Jesus: ‘I tell you this: every thoughtless word you speak you will have to account for on the day of judgement. For out of your own mouth you will be acquitted; out of your own mouth you will be condemned.’ (Matthew 12.36-37 REB)

In this chapter the Pharisees spoke ‘thoughtless words’ when they condemned Jesus as an agent of Beelzebul. They couldn’t deny his miraculous healings, but they could not be seen as recognizing that God was at work in Jesus. All they could do was attribute his healings to the power of the devil.

I have probably done similar things. I’ve seen good things being done by people I disagree with, and spent all my time questioning their motives and their methods rather than celebrating the good that was being done and the lives that were being touched.

Lord Jesus, help me not to speak thoughtless words of condemnation and judgement. You have reminded us that words are important. They can kill and they can heal. They can bring joy or despair. Help us today to think carefully about the words we speak, so that we are a blessing to the people around us.

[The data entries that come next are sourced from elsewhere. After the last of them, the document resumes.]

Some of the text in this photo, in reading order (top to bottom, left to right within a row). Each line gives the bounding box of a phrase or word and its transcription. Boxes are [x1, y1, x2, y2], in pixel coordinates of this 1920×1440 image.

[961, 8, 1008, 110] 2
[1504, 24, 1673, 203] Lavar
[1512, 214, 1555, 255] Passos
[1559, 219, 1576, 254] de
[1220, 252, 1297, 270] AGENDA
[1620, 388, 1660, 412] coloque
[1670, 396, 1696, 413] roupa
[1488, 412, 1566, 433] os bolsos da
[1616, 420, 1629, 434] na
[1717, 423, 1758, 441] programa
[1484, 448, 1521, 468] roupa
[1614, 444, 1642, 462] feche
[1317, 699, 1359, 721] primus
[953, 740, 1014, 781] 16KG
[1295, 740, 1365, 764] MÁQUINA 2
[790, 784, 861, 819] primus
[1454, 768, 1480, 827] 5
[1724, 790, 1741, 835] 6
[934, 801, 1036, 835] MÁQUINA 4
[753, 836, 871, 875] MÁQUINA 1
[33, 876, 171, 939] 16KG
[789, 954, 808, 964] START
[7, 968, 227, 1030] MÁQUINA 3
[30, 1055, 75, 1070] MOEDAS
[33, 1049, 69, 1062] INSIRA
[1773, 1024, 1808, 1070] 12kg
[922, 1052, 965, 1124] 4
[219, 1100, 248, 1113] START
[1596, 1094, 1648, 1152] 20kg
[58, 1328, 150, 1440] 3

(Today’s One Year Bible passages are Genesis 37:1 – 38:30, Matthew 12:22-45, Psalm 16:1-11, and Proverbs 3:27-32)

The Gentleness of Jesus

‘Here is my servant, whom I have chosen,
my beloved, in whom I take delight;
I will put my Spirit upon him,
and he will proclaim justice among the nations.
He will not strive, he will not shout,
nor will his voice be heard in the streets.
He will not snap off a broken reed,
nor snuff out a smouldering wick,
until he leads justice on to victory.
In him the nations shall put their hope.’ (Matthew 12.18-21 REB)

Here Matthew is quoting from Isaiah 42 and applying the prophecy to Jesus. He is God’s chosen servant, anointed by God’s Spirit to spread God’s justice.

But Jesus’ justice is not harsh. He does not ‘snap off a broken reed, nor snuff out a smouldering wick’. He is aware that some of us have been bruised in the struggles of life, and some of us are having difficulty keeping the flame of our faith alive. He knows all about us, and he is gentle with us.

Lord Jesus, you know all our hurts and struggles, and the weakness of our faith. Thank you for your patience and love. Help us find in you the healing and strength we need. Amen.

(Today’s One Year Bible readings are Genesis 35:1-36:43, Matthew 12:1-21, Psalm 15:1-5, and Proverbs 3:21-26).

Revealing them to the simple.

‘At that time Jesus spoke these words: “I thank you, Father, Lord of heaven and earth, for hiding these things from the learned and wise, and revealing them to the simple. Yes, Father, such was your choice.”‘ (Matthew 11.25-26 REB)

I have a great respect for learning and scholarship. I’ve been greatly helped by the writings of scholars who’ve studied the ancient scriptures in their original languages and cultural and historical backgrounds. I love reading books by people who have really thought their way through issues.

But great learning doesn’t necessarily equal great love, and Jesus leads us in the way of love. The key word here is ‘revealing’. The mysteries of life in the kingdom are not learned by intellect alone; they are revealed by God. And no outsider knows a father like one of his own children. God chooses to reveal himself to us through the Son, Jesus. And Jesus chooses to reveal God to us primarily by teaching us a life of love.

Thank you, God, for wise scholarship, but thank you even more for revealing yourself to the humble as we come to Jesus and learn from him the way of love.

(Today’s One Year Bible passages are Genesis 32.13 – 34.31, Matthew 11.7-30, Psalm 14.1-7, and Proverbs 3.19-20)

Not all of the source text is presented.